Onur Şener ile aynı liseden mezunmuşum. Bunun bir önemi var mı bilmiyorum. Üzgünüm, gerçekten pek bir şey diyemiyorum. Bu ne ilk ne de son. Daha birçok Onur Şenerler oldu ve olacak. Toplum bu hale gelmişken hala çözmeye çalıştığımız sorunlar saçma. Etrafınıza bakın. Başkalarından üstünlük hisleri, nefret, şiddet, gereksiz ayrımlar. Bitmiyor. Bitirebiliriz; ama bunun üzerine neredeyse kimse çalışmıyor. Onur Şener'in ailesinin, küçük kızının, tanıyanlarının başı sağ olsun. Bu toplumda yaşayan ve bu duruma katlanamayan herkese de sabırlar dilerim. Çözmek zorundayız arkadaşlar, başka yolu yok. #onurşener
Fotoğrafta gitar çalan bir adam var. Adamın üzerinde "Hayattaki her şeyi kendisine hak olarak görüp istediklerini şiddetle alanların son kurbanı Onur Şener'in yaşama hakkı elinden alındı." yazısı var. Bu espri, Onur Şener'in hayatının elinden alınmış olmasını, gitar çalmayı bırakarak müzikle olan bağını koparmasına benzeterek anlatıyor. Onur Şener'in "yaşama hakkı" gitardan koptuğu için elinden alınmış gibi bir anlam ifade ediyor.

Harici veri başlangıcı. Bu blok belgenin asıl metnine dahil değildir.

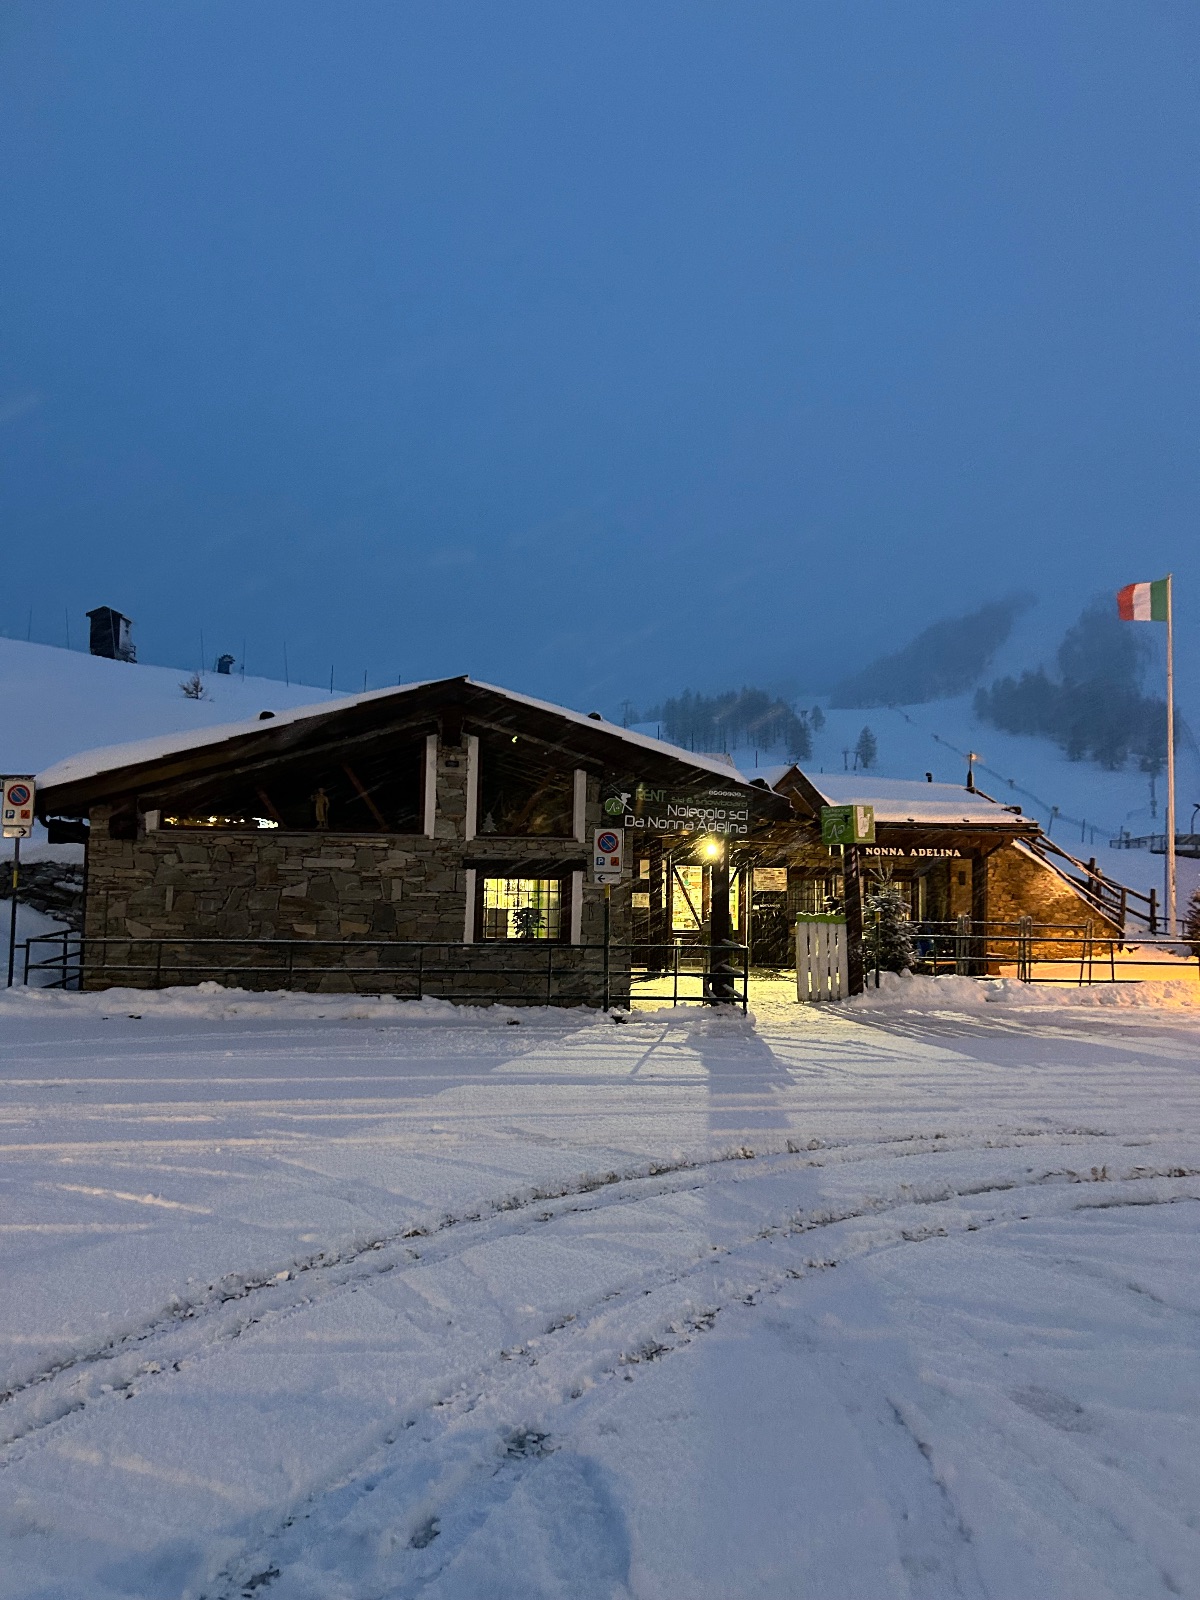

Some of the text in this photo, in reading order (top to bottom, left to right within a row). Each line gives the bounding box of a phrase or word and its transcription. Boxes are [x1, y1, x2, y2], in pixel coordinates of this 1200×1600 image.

[635, 788, 667, 802] RENT
[667, 804, 749, 821] Noleggio sci
[624, 815, 748, 834] Da Nonna Adelina
[865, 847, 962, 857] NONNA ADELINA

Fotoğrafta gitar çalan bir adamın resmi var. Adamın adı Onur Şener ve bu adamın bir şarkıyı çalmayı reddettiği için öldürüldüğü yazıyor. Bu ironik bir espri çünkü gerçekte Onur Şener bir müzisyen değil ve bu durum hiçbir zaman gerçekleşmedi. Espri, ünlü bir insanın adını kullanarak insanların bu tür haberlere inanma eğilimini ve gerçeklerden ziyade kulağa hoş gelen hikayeleri tercih etme eğilimini hicvediyor.

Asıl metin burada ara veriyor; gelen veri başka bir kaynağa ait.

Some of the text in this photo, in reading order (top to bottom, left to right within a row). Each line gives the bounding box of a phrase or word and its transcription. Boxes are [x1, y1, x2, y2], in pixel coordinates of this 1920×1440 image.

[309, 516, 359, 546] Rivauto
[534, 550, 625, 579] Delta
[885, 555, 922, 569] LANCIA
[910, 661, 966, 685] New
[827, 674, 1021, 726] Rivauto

Resimde, gitar çalan orta yaşlı bir adamın önünde siyah bir arka plan üzerinde beyaz yazıların olduğu bir görsel var. Yazılar şöyle: "bu ülkede yaşamak neden bu kadar zor?". Görsel, yaşayan herkesin yaşamın zorluklarından şikayet etme eğiliminde olduğunu komik bir şekilde gösteriyor. Türkçedeki espri, hayatın zorluklarının herkesin bildiği ve sık sık dile getirdiği bir gerçek olmasına rağmen, her zaman aynı şikayetleri duymak can sıkıcı olabiliyor. Bu nedenle, görselde gitar çalan adam gibi, hayatın zorluklarına alışmış ve bunlara bir şekilde uyum sağlamış ancak yine de şikayet etmeyi sürdüren kişileri temsil ediyor.
Onur Şener'in öldürülmesi hepimizi derin bir üzüntüye boğdu. Şiddetin hiçbir gerekçesi yok, bu vahşetin son bulması için hepimizin elinden gelenin en iyisini yapması gerekiyor.
Bu toplumun durumu gerçekten üzücü. Onur Şener'in ölümü, içinde yaşadığımız kaosu gözler önüne serdi. Hepimiz kendimize "Bu durumun sorumlusu ben miyim?" diye sormalıyız.
Onur Şener'i tanımasam da bu olay hepimizi etkiliyor. Bu toplumda şiddetin her yerde olması insanları korkutuyor. Hepimiz için daha güvenli bir yaşam için mücadele etmeliyiz.
Onur Şener'in ölümü acı verici ama aynı zamanda uyanıklık çağrısı. Birbirimize karşı daha empatik olmalı, şiddete hayır demeli ve daha iyi bir toplum yaratmak için çalışmalıyız.
Onur Şener'i rahmetle anıyoruz, ancak bu olay "toplumun hastalığı" diye adlandırdığımız şeyin sadece bir semptomu. Bu hastalığın gerçek nedenlerini çözmek için çalışmak gerekiyor.